**Task instructions:** Copy every line of the material precisely.

**Data shown:**
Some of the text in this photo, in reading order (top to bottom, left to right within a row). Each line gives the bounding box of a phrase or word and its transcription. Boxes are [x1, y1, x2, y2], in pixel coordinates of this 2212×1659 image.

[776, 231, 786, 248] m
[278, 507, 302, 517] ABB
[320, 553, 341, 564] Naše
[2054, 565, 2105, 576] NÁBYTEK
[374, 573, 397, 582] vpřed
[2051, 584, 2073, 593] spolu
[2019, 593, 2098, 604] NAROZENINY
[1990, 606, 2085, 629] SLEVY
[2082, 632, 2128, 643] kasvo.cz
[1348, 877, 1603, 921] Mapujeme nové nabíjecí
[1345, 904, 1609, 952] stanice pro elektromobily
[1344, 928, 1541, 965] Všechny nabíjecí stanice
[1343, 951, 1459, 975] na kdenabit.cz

**Task solution:**
Some of the text in this photo, in reading order (top to bottom, left to right within a row). Each line gives the bounding box of a phrase or word and its transcription. Boxes are [x1, y1, x2, y2], in pixel coordinates of this 2212×1659 image.

[776, 231, 786, 248] m
[278, 507, 302, 517] ABB
[320, 553, 341, 564] Naše
[2054, 565, 2105, 576] NÁBYTEK
[374, 573, 397, 582] vpřed
[2051, 584, 2073, 593] spolu
[2019, 593, 2098, 604] NAROZENINY
[1990, 606, 2085, 629] SLEVY
[2082, 632, 2128, 643] kasvo.cz
[1348, 877, 1603, 921] Mapujeme nové nabíjecí
[1345, 904, 1609, 952] stanice pro elektromobily
[1344, 928, 1541, 965] Všechny nabíjecí stanice
[1343, 951, 1459, 975] na kdenabit.cz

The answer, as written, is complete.